17 dead from Arab winter scorpion outbreak

Written by Staff Writer

Storm damage on a house in Minya, Egypt, which killed at least three people. Credit: HO/AFP/Getty Images

A storm that swept across the Middle East last week, killing at least 23 people, struck Egypt where cold winds spreading the scorpion venom of over a dozen species covered much of the country in an orange-ish haze, according to local reports.

Eleven Egyptians — including seven men and four women — were killed by scorpions in Minya, an agricultural province south of Cairo, and further north in Assiut and Qena, the state news agency MENA reported.

Two children and an elderly person were among five people who died in Luxor, according to the agency.

Streets and homes in Cairo were coated with the pollen-ridden orangey compound, nicknamed Shahraniyah in Arabic and which has the sole purpose of filling a season known locally as the “winter of scorpions.”

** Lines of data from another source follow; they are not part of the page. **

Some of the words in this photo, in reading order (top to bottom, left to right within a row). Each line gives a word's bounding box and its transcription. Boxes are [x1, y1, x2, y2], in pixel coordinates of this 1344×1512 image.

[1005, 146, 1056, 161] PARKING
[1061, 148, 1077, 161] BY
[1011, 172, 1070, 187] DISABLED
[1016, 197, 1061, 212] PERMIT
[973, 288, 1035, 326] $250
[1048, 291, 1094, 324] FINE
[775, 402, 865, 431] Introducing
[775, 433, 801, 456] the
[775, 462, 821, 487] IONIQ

The tree-like phenomenon is common at this time of year, with columns of the spiny arachnids falling from the sky and creating dozens of deadly fangs.

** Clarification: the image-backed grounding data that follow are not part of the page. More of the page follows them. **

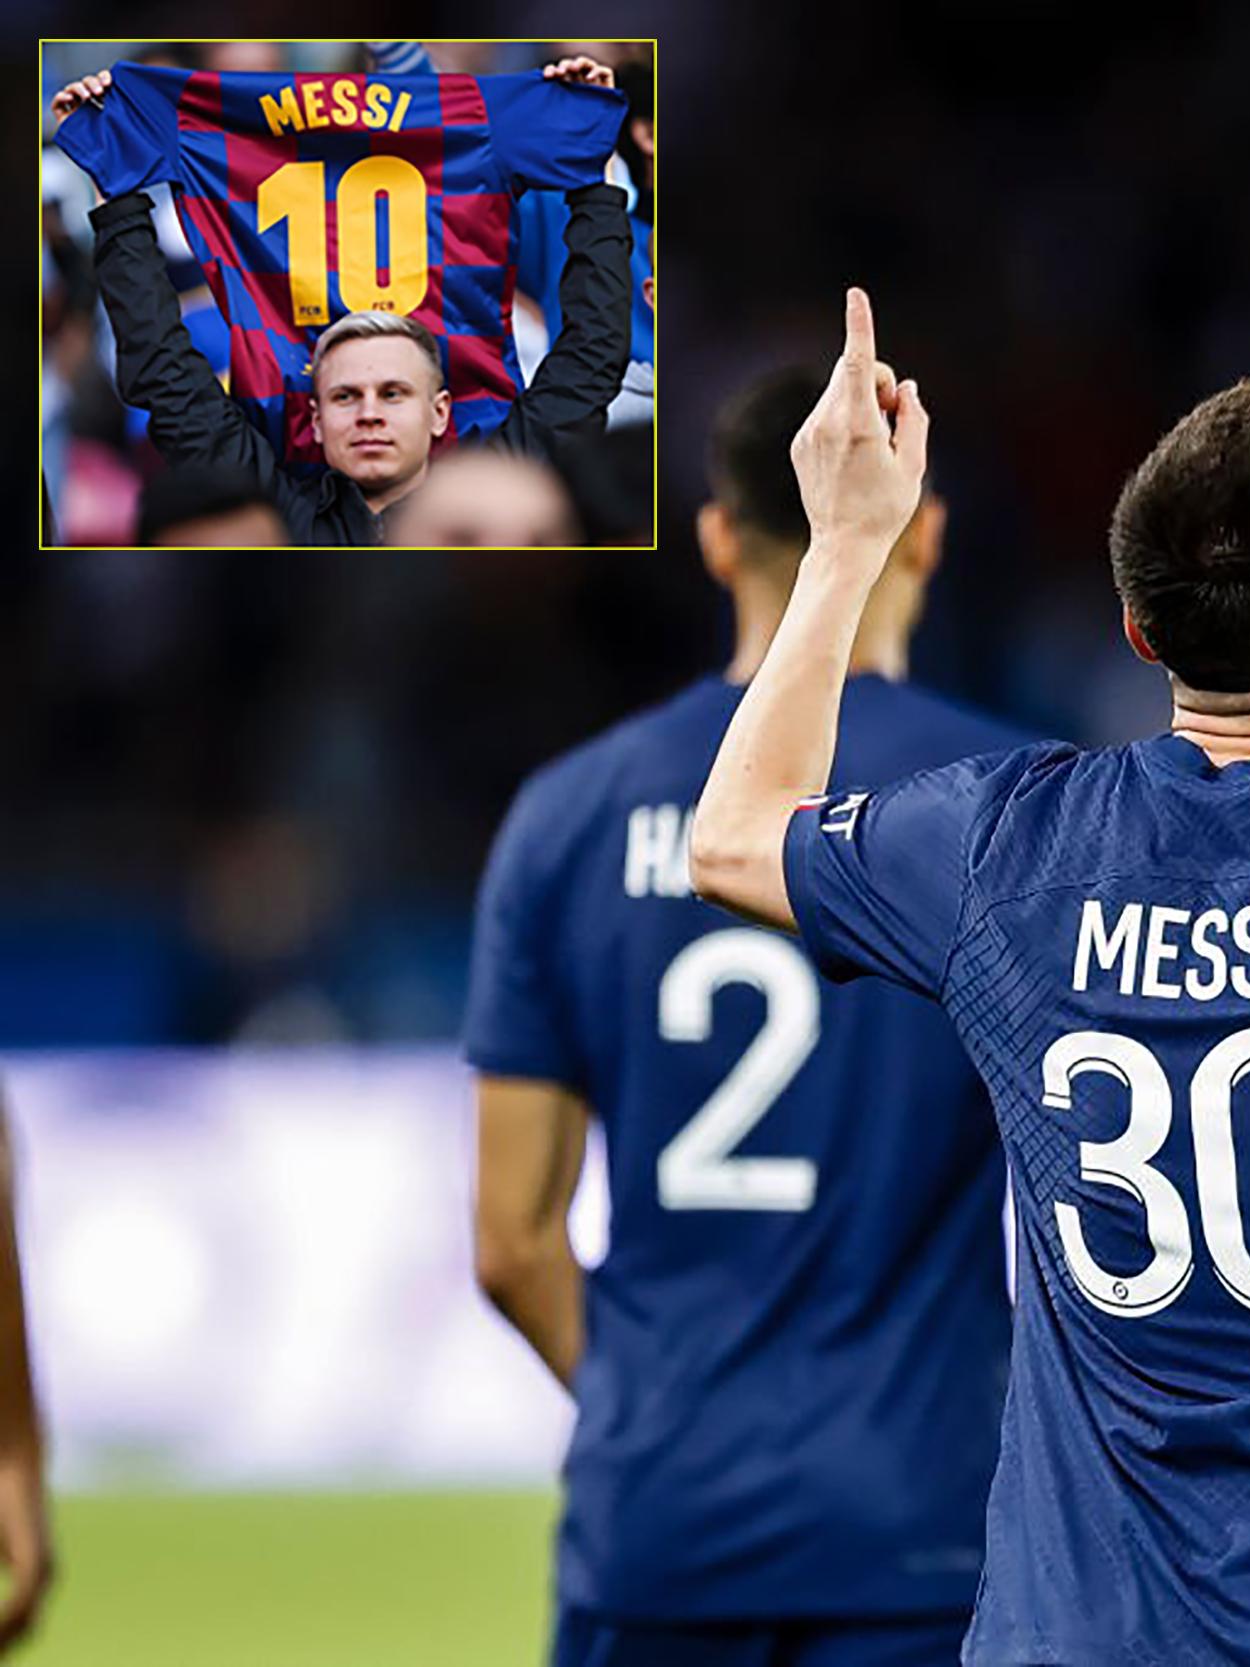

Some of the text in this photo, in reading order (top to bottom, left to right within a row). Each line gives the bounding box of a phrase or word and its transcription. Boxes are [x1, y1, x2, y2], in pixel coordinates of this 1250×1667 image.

[259, 79, 412, 137] MESSI
[257, 155, 428, 326] 10
[657, 926, 820, 1211] 2
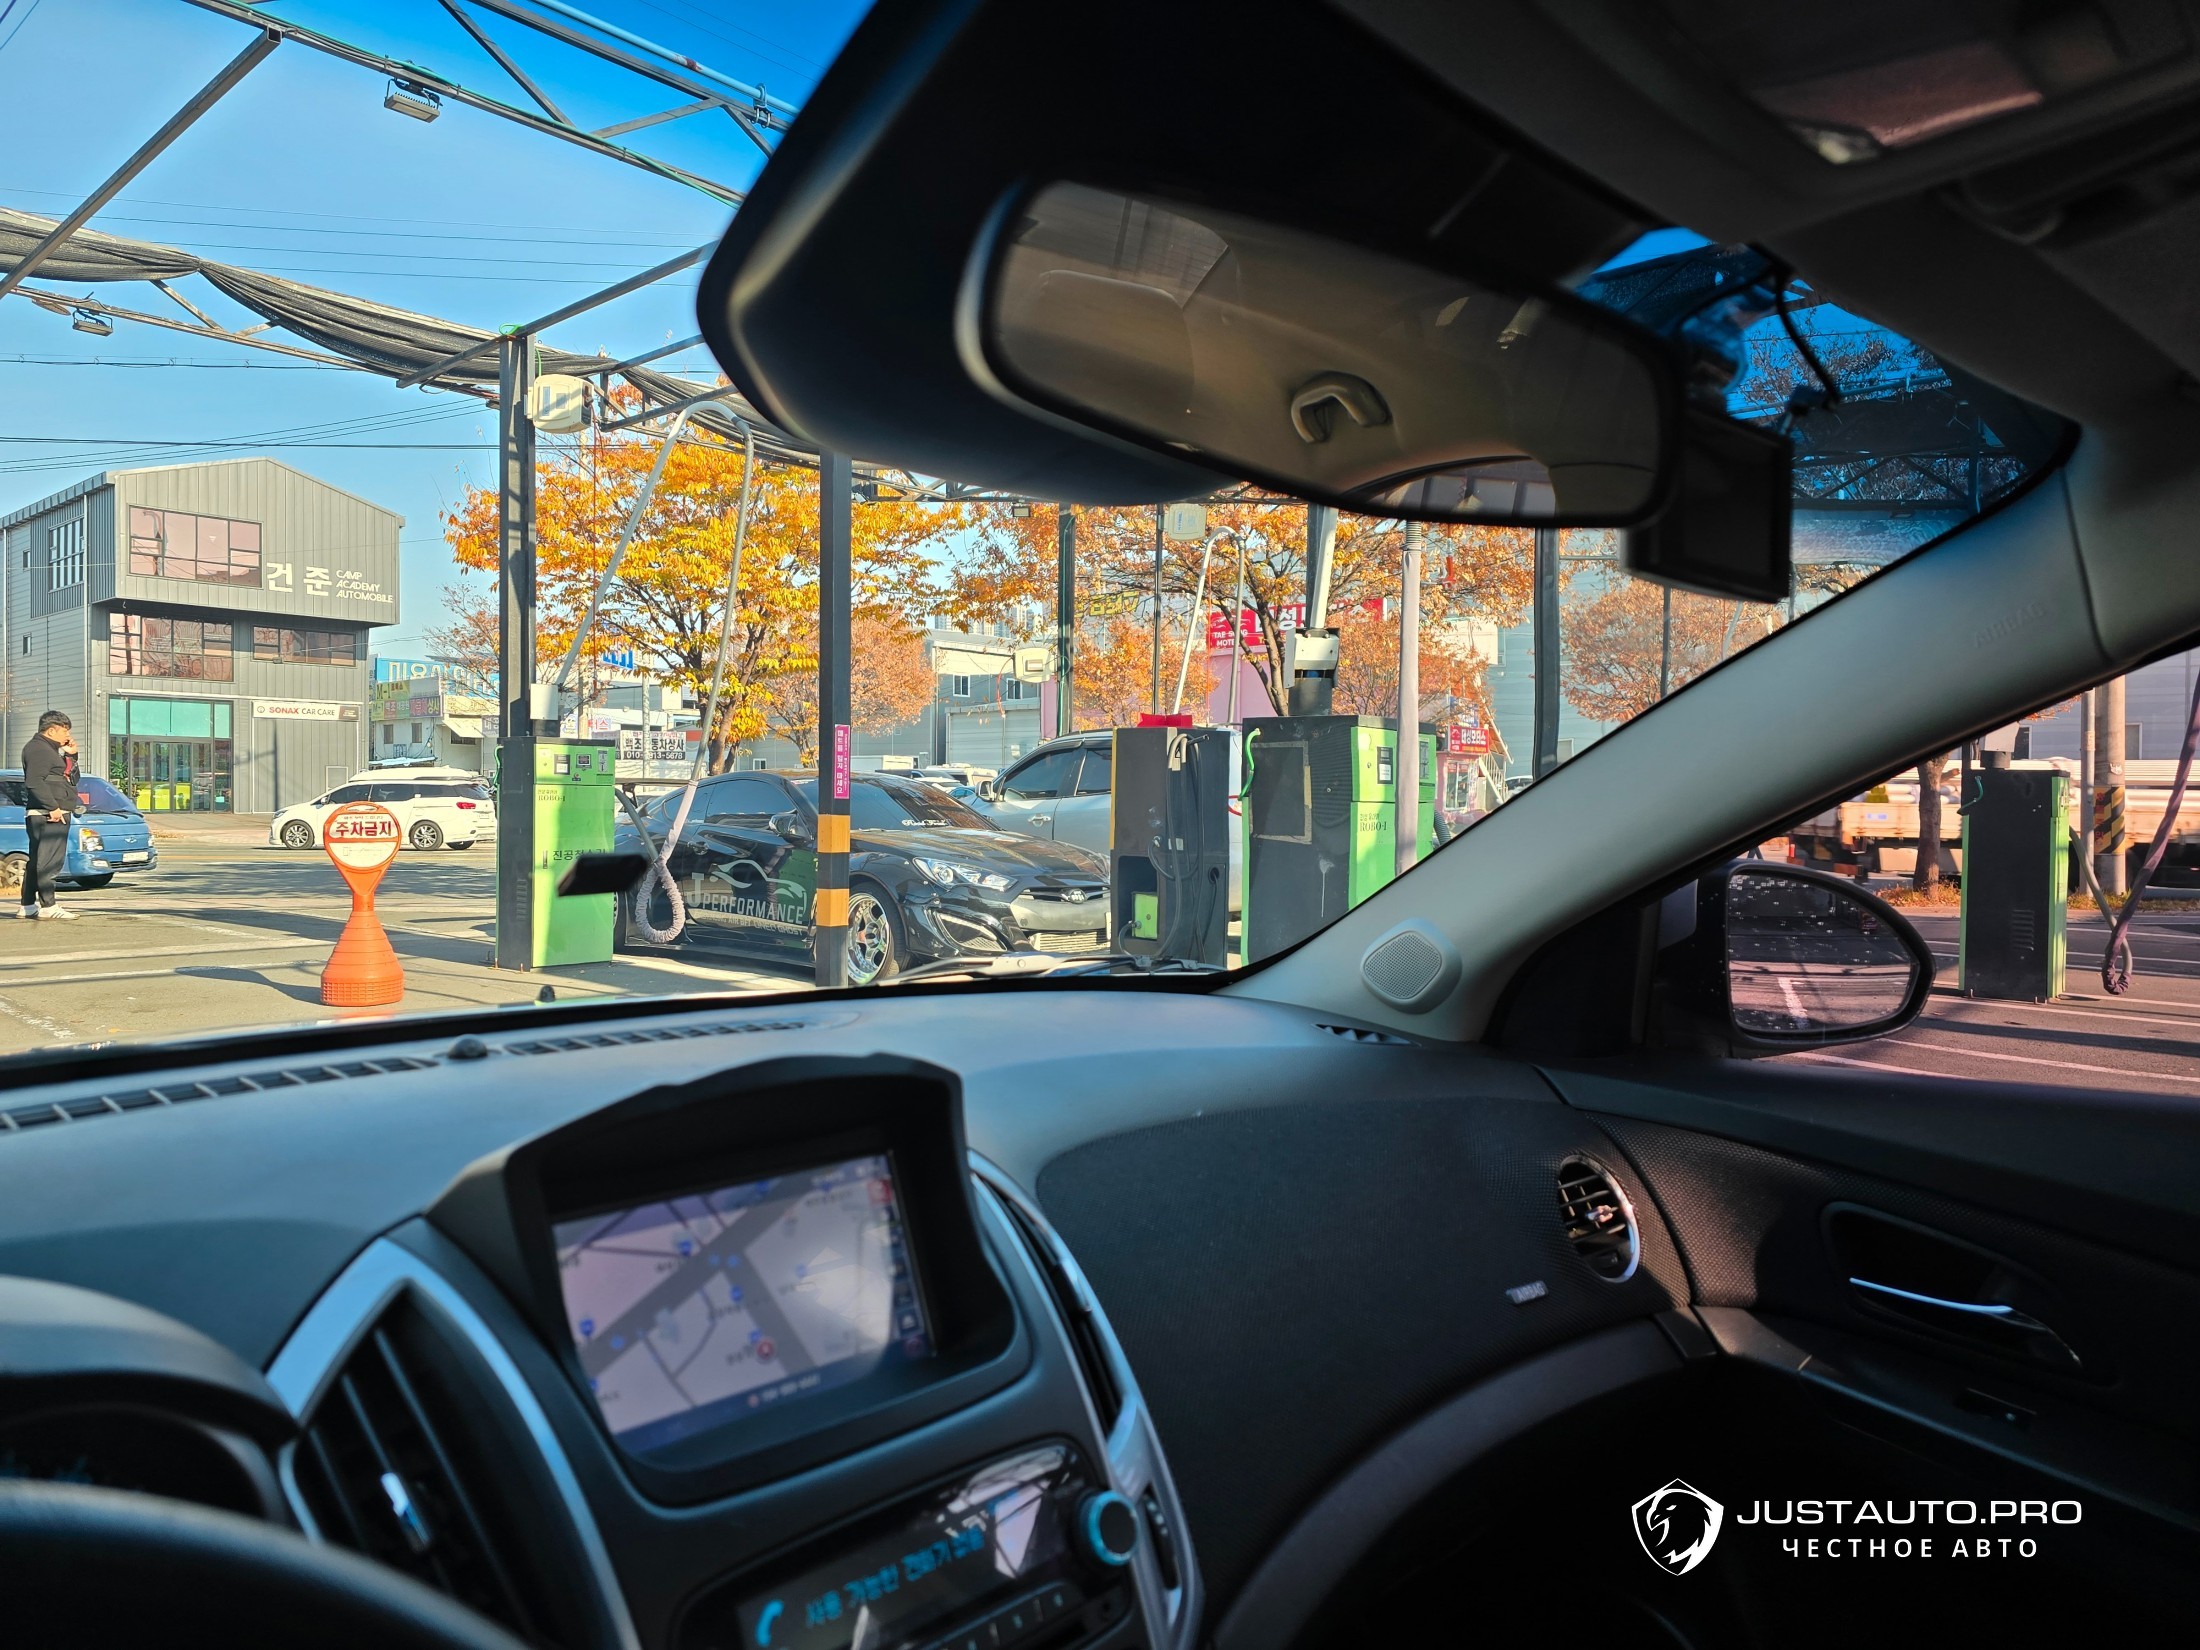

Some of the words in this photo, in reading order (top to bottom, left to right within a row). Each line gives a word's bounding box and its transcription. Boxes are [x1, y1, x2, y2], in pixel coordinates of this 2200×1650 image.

[336, 570, 363, 580] CAMP
[336, 580, 381, 593] ACADEMY
[336, 589, 394, 604] AUTOMOBILE
[268, 706, 299, 715] SONAX
[301, 707, 316, 716] CAR
[317, 708, 336, 716] CARE
[625, 737, 685, 751] 백조동차상사
[335, 820, 392, 837] 주차금지
[553, 848, 607, 861] 진공청
[702, 893, 804, 925] PERFORMANCE

Some scorpions are smaller and less venomous than others and the fruitless nocturnal insect is commonly found in gardens, orchards and hills.

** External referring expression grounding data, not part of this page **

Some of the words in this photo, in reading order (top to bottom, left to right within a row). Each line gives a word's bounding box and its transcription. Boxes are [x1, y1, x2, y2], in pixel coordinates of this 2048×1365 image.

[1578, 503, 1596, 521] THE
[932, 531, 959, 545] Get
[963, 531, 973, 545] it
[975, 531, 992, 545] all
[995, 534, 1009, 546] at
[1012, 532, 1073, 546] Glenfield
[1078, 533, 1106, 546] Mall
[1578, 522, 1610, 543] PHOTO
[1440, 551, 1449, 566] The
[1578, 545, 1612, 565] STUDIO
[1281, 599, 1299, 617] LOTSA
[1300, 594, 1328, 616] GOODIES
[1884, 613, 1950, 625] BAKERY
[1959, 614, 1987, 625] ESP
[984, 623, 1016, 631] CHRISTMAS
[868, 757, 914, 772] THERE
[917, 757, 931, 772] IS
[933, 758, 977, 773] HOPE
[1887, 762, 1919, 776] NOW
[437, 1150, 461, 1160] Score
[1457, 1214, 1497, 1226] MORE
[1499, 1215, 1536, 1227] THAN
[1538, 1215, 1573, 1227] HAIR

Funnel-shaped tongues of the fruitless insect

The tangled, wound-like cercis scale, where venom glands on the inside of its tail and forehead of the flowery emerald-green cavity intercept energy-sucking insects, remain dangerous for even inexperienced scorpion collectors.

‘Crumbs are wearing everyone down’

“Crumbs are wearing everyone down,” Mutahar Hosni, founder of a private scorpion collection shop in the Egyptian capital, told the Associated Press last week.

“People are getting tired of the sticky insects … too much of a good thing can lead to ruin,” said Hafed Nakhla, a professor of biology at Cairo University.

Hafed Nakhla is a professor of biology at Cairo University. Credit: AFP/Getty Images

“The scorpions will become more aggressive and it is only a matter of time before people become bitten,” he added.

According to 2015 data from Egypt’s General Authority for Antiquities, 100,317 red-eared scorpions — the species reported to be the most common in the country — were collected between 1994 and 2017.